A’S MADE ODD OFFER TO SHORTSTOP
The Toronto Blue Jays were willing to throw Marcus Semien $18 million to be their second baseman for the 2021 season. As it turns out, the Oakland A’s didn’t even extend an official offer to their shortstop of five years, an MVP candidate in 2019 and a Bay Area native.
Instead, the A’s floated the concept of a deal in which the team would pay Semien $12.5 million (a $500,000 pay cut from his 2020 salary) with $10 million deferred with $1 million installments paid over 10 years, according to The Athletic.
The implications of this offer should be alarming for A’s fans hoping the organization would have the financial flexibility to widen this window of contention and extend its star players.
If the A’s can only offer Semien $2-3 million right now, what does that tell us about how much they are willing to spend to fill the growing number of absences on the roster (shortstop, second base)?
The A’s started 2020 with a $92 million payroll, and it sits at around $75 million now.
Though the A’s have kept and paid their most talented players this year, now is the time to start adding pieces in order to fuel another postseason run.
The American League West is weakening with the Houston Astros on the decline, and the league itself is seeing a shift of power from teams like the New York Yankees to the Chicago White Sox. There’s a power vacuum the A’s could capitalize on — instead, they’re crying poor on their hind legs.
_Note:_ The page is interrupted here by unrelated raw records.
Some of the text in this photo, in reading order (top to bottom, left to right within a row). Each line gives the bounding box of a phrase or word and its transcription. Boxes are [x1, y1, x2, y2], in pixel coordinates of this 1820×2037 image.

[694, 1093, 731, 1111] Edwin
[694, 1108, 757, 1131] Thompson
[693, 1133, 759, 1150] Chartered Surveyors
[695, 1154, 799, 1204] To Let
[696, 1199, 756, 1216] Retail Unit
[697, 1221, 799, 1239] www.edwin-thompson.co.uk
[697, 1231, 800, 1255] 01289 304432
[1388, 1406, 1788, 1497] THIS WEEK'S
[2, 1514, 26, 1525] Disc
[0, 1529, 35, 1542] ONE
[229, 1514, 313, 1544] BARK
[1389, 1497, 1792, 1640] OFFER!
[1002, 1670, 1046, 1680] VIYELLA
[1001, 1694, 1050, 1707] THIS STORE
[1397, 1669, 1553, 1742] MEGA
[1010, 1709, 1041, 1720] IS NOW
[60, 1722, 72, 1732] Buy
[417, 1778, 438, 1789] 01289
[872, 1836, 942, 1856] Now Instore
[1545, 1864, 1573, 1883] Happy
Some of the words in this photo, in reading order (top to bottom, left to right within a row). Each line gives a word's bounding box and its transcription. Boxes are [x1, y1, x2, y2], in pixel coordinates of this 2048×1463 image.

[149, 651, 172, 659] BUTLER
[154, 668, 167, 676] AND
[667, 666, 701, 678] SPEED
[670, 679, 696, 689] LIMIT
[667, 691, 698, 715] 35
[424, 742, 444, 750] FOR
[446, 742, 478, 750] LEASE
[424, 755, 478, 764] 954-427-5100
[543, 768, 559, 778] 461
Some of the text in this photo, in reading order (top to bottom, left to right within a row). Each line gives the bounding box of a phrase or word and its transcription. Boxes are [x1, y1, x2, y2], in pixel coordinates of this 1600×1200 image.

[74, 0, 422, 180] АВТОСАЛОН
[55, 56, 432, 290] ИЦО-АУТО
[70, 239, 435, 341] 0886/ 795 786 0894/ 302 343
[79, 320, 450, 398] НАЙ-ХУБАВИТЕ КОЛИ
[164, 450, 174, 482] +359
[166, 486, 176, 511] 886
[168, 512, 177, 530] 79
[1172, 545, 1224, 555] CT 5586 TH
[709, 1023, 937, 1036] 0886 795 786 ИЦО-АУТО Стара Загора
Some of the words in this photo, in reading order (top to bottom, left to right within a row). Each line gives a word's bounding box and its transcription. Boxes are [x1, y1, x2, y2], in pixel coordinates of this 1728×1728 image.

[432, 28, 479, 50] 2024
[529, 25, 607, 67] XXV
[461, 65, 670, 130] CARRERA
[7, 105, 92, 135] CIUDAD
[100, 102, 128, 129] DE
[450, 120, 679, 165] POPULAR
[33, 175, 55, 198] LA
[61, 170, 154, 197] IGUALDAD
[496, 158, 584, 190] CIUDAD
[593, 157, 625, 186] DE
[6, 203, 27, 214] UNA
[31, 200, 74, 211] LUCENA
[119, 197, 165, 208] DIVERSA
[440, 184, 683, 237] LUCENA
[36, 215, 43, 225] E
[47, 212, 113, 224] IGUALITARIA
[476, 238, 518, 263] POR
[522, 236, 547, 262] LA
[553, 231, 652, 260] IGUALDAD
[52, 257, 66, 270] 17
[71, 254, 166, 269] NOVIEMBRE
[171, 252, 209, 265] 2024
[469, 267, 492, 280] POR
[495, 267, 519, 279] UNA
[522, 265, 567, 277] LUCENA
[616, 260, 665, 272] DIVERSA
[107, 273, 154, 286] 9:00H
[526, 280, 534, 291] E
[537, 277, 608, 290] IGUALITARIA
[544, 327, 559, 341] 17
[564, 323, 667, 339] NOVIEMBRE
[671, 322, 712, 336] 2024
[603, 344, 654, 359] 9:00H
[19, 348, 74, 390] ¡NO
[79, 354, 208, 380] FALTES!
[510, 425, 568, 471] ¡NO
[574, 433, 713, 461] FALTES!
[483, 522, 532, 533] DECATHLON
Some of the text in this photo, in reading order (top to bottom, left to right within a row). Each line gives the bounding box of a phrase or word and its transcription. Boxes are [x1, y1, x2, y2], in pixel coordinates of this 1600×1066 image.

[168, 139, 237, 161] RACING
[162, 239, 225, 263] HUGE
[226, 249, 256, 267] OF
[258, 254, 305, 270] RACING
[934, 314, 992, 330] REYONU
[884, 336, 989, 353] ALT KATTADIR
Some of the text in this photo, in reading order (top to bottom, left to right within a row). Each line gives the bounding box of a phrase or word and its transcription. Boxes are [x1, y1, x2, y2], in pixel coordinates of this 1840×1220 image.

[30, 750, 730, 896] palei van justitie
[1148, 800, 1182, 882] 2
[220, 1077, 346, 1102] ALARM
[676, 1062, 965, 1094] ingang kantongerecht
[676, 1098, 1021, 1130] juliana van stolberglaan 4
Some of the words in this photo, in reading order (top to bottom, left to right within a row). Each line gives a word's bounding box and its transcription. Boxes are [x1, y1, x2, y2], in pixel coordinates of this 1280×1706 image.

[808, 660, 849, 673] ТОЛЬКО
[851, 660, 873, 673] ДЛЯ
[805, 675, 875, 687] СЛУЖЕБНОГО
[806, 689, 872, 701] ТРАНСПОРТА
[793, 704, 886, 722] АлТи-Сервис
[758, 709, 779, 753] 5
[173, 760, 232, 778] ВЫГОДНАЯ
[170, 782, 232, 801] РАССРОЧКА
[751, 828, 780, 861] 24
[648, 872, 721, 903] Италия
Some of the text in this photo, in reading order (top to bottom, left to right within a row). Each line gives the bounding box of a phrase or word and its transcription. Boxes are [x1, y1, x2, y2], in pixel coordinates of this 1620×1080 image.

They may let all 10 of their free agents walk without any plans to use the money they didn’t spend on Semien on any free agent pieces that will significantly elevate the roster.
On the other hand, this isn’t a new concept to any contending A’s team life cycle. Just a repeated frustration.
Though the optics of that quasi-offer to Semien are bleak, it’s in keeping with a system that’s generated strong teams through identifying undervalued players.
The A’s have added relievers Dany Jimenez and Nik Turley — a promising reclamation project with high spin rates — and left-handed outfielder Ka’ai Tom. All through low-cost trades and the Rule 5 draft.
It’s possible the A’s don’t think the $18 million Semien will earn matches their valuation of him. Though he grew tremendously defensively at shortstop under Ron Washington’s tutelage, he benefitted playing next to Matt Chapman — who has generational range
at third base. The Blue Jays have Bo Bichette at shortstop and are planning to play Semien at second base. It’s possible they think his MVP-caliber 2019 season was more of an aberration, and staking millions on him repeating it wasn’t worth the cost.
The overarching concern rings loudest, though. If the A’s can only pay Semien in installments now, how can they even consider extending players such as Matt Chapman, Matt Olson and Ramón Laureano, to name a few?
Chapman and Olson signed for $6.49 million and $5 million, respectively, in their first year of arbitration this year. They’re due for significant raises with a team that surely won’t be willing to meet them at their worth.
With the ballpark at Howard Terminal at a complete standstill due to the pandemic, the only revenue lifeline is frozen.
The heartbreaking trade A’s fans have come to fear is clearly on the horizon. Even if the A’s baseball operations can cobble together a competitive team from the rubble of 2020, they’re sure to lose fans’ faith and loyalty if ownership retreats even farther into its cheap ways.